TO DO:
Copy the data below exactly.

[Collected data]

============

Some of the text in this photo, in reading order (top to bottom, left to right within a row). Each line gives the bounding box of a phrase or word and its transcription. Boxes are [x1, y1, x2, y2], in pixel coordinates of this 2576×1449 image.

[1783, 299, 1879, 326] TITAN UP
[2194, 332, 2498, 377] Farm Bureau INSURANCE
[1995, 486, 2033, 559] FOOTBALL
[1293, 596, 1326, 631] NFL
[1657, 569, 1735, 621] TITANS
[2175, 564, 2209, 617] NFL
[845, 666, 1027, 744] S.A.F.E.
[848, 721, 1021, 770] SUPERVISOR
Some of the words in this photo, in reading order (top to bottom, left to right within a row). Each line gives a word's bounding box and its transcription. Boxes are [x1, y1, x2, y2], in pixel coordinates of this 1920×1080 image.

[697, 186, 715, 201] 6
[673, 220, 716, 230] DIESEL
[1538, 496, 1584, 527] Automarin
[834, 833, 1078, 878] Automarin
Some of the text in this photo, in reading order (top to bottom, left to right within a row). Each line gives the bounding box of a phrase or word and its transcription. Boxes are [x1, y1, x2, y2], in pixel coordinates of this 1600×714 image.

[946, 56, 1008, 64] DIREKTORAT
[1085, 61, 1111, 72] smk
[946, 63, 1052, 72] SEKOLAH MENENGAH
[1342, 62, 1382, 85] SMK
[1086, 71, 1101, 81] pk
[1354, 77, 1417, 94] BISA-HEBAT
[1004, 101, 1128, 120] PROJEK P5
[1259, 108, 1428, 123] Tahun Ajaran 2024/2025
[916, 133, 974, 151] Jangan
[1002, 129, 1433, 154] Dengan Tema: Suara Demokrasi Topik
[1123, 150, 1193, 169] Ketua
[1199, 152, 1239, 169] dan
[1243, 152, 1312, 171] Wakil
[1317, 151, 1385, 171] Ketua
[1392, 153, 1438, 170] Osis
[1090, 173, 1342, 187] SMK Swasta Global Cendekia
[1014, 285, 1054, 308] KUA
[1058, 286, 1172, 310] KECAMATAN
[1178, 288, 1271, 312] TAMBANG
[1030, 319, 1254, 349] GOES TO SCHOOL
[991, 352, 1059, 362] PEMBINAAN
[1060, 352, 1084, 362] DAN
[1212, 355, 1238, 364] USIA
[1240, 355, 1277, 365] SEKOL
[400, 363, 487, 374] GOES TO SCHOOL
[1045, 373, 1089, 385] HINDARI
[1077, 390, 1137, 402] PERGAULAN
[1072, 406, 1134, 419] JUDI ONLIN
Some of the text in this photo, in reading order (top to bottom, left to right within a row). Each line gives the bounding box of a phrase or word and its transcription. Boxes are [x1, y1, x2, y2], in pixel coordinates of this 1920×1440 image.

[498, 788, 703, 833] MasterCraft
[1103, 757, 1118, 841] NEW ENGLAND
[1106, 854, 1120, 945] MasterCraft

============

RESPONSE TO THIS TASK:
Some of the text in this photo, in reading order (top to bottom, left to right within a row). Each line gives the bounding box of a phrase or word and its transcription. Boxes are [x1, y1, x2, y2], in pixel coordinates of this 2576×1449 image.

[1783, 299, 1879, 326] TITAN UP
[2194, 332, 2498, 377] Farm Bureau INSURANCE
[1995, 486, 2033, 559] FOOTBALL
[1293, 596, 1326, 631] NFL
[1657, 569, 1735, 621] TITANS
[2175, 564, 2209, 617] NFL
[845, 666, 1027, 744] S.A.F.E.
[848, 721, 1021, 770] SUPERVISOR
Some of the words in this photo, in reading order (top to bottom, left to right within a row). Each line gives a word's bounding box and its transcription. Boxes are [x1, y1, x2, y2], in pixel coordinates of this 1920×1080 image.

[697, 186, 715, 201] 6
[673, 220, 716, 230] DIESEL
[1538, 496, 1584, 527] Automarin
[834, 833, 1078, 878] Automarin
Some of the text in this photo, in reading order (top to bottom, left to right within a row). Each line gives the bounding box of a phrase or word and its transcription. Boxes are [x1, y1, x2, y2], in pixel coordinates of this 1600×714 image.

[946, 56, 1008, 64] DIREKTORAT
[1085, 61, 1111, 72] smk
[946, 63, 1052, 72] SEKOLAH MENENGAH
[1342, 62, 1382, 85] SMK
[1086, 71, 1101, 81] pk
[1354, 77, 1417, 94] BISA-HEBAT
[1004, 101, 1128, 120] PROJEK P5
[1259, 108, 1428, 123] Tahun Ajaran 2024/2025
[916, 133, 974, 151] Jangan
[1002, 129, 1433, 154] Dengan Tema: Suara Demokrasi Topik
[1123, 150, 1193, 169] Ketua
[1199, 152, 1239, 169] dan
[1243, 152, 1312, 171] Wakil
[1317, 151, 1385, 171] Ketua
[1392, 153, 1438, 170] Osis
[1090, 173, 1342, 187] SMK Swasta Global Cendekia
[1014, 285, 1054, 308] KUA
[1058, 286, 1172, 310] KECAMATAN
[1178, 288, 1271, 312] TAMBANG
[1030, 319, 1254, 349] GOES TO SCHOOL
[991, 352, 1059, 362] PEMBINAAN
[1060, 352, 1084, 362] DAN
[1212, 355, 1238, 364] USIA
[1240, 355, 1277, 365] SEKOL
[400, 363, 487, 374] GOES TO SCHOOL
[1045, 373, 1089, 385] HINDARI
[1077, 390, 1137, 402] PERGAULAN
[1072, 406, 1134, 419] JUDI ONLIN
Some of the text in this photo, in reading order (top to bottom, left to right within a row). Each line gives the bounding box of a phrase or word and its transcription. Boxes are [x1, y1, x2, y2], in pixel coordinates of this 1920×1440 image.

[498, 788, 703, 833] MasterCraft
[1103, 757, 1118, 841] NEW ENGLAND
[1106, 854, 1120, 945] MasterCraft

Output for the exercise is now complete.